In case of transfer of reptiles, the proposal requires a receiving site:

  • close to the development site, and in the same PLA if possible
  • that is at least the same size as the habitat that will be lost, and larger if the habitat lost is of high quality
  • which will perform the same function as the habitat to be lost, for example it has hibernation characteristics
  • with habitat similar to the area that will be lost, including water bodies
  • which does not currently support the same species, but can be improved to make it suitable
  • that will be protected from future development and managed over the long term

The proposal could introduce a small number of reptiles to an area with an existing population if the habitat is improved to support the increase in numbers. He must allow enough time for new habitats to become suitable for reptiles before capturing them.

For more information on mitigation plans and offsetting measures, see the Planner’s Guide to Protected Species and Development.

Planning and licensing terms

If the proposal is likely to affect a protected reptile, the proponent must apply for the appropriate wildlife permit.

Before you can grant a building permit, you must:

  • ensure that any mitigation or offset conditions you impose do not conflict with the requirements of a mitigation license
  • be sure that Natural England will issue a license

You do not need to consult Natural England on the wording or release of any conditions you place on a planning proposal.
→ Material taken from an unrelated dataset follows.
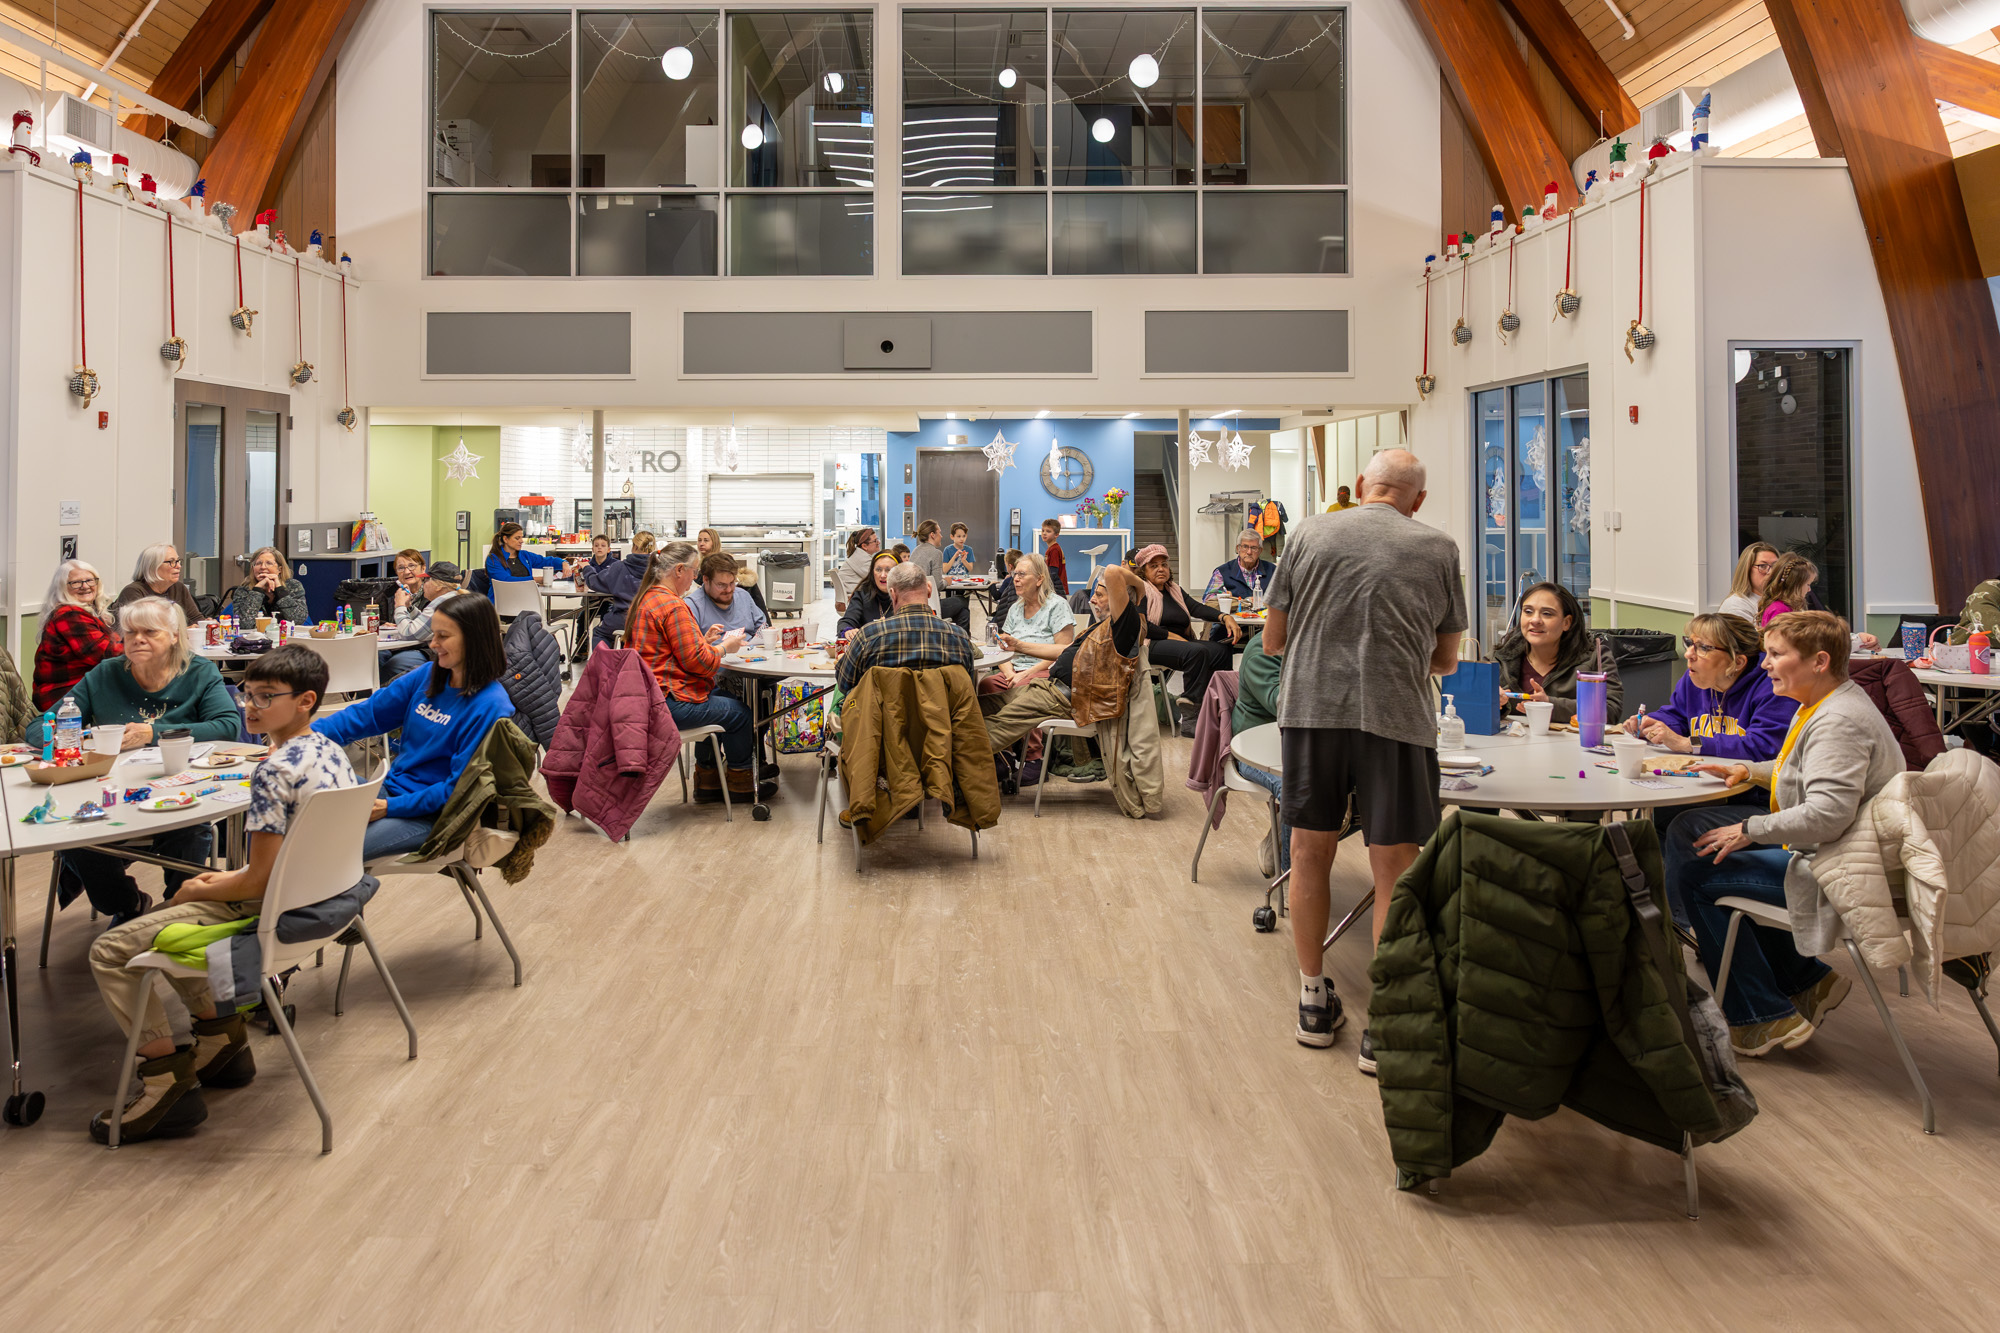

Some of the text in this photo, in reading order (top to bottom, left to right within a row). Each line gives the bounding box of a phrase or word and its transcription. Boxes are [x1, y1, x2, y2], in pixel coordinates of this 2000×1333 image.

[585, 433, 612, 444] TE
[585, 450, 681, 473] ISRO
[415, 703, 451, 725] slalom
Natural England are unable to advise on this.

Improve biodiversity

To meet your biodiversity duty, you must suggest ways for the developer to:

  • create new or improved habitats at the development site
  • achieve a net gain in biodiversity through good design, such as green roofs, street trees or sustainable drainage

Site management and monitoring

You should consider the need for site monitoring and management. These measurements will likely be required for licenses for sand lizards, smooth snakes or pool frogs. For the non-PES native reptiles, management and monitoring may be required if the species population is affected by development.

A site management and monitoring plan should aim to maintain a diverse vegetation structure. The plan should include controlling the growth of vegetation, including brush and ferns, by cutting, mowing or grazing. Other fern control methods include herbicide application, rolling or cutting.

The proponent may need to consider controlling the risk of fire and managing predators, such as house cats and pheasants.

Monitoring could include additional investigative work to verify that mitigation measures are working as intended, followed by remedial work if necessary.

The Reptile Management Handbook available on the Amphibian and Reptile Conservation Trust website provides more information on habitat management. This manual may not be accessible to assistive technologies.